» What needs to be done
With the pictures removed, please write out every line below exactly as given.

[Supplied entries Boundary: Start]

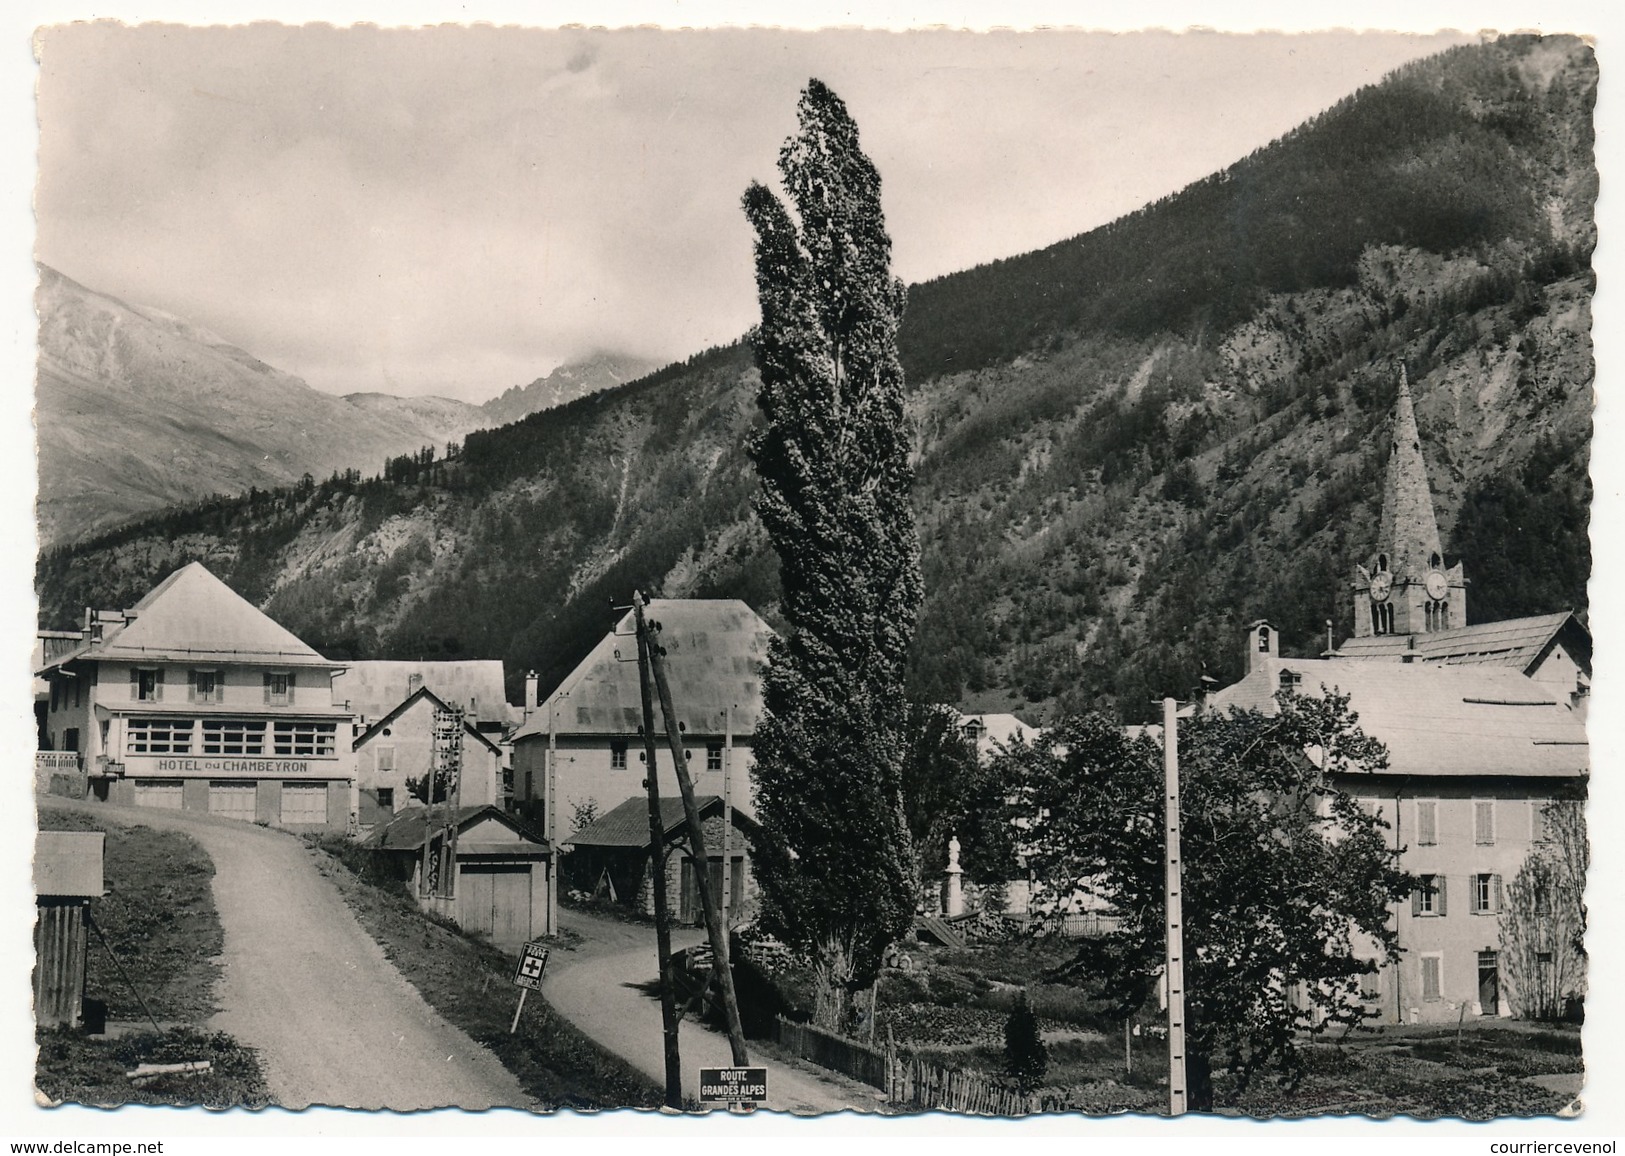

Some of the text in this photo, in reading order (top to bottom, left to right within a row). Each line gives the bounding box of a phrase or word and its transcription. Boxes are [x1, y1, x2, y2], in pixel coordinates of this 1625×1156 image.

[159, 760, 201, 771] HOTEL
[223, 761, 308, 772] CHAMBEYRON
[720, 1071, 748, 1081] ROUTE
[701, 1084, 766, 1096] GRANDES ALPES

[Supplied entries Boundary: End]

» Exercise answer
Some of the text in this photo, in reading order (top to bottom, left to right within a row). Each line gives the bounding box of a phrase or word and its transcription. Boxes are [x1, y1, x2, y2], in pixel coordinates of this 1625×1156 image.

[159, 760, 201, 771] HOTEL
[223, 761, 308, 772] CHAMBEYRON
[720, 1071, 748, 1081] ROUTE
[701, 1084, 766, 1096] GRANDES ALPES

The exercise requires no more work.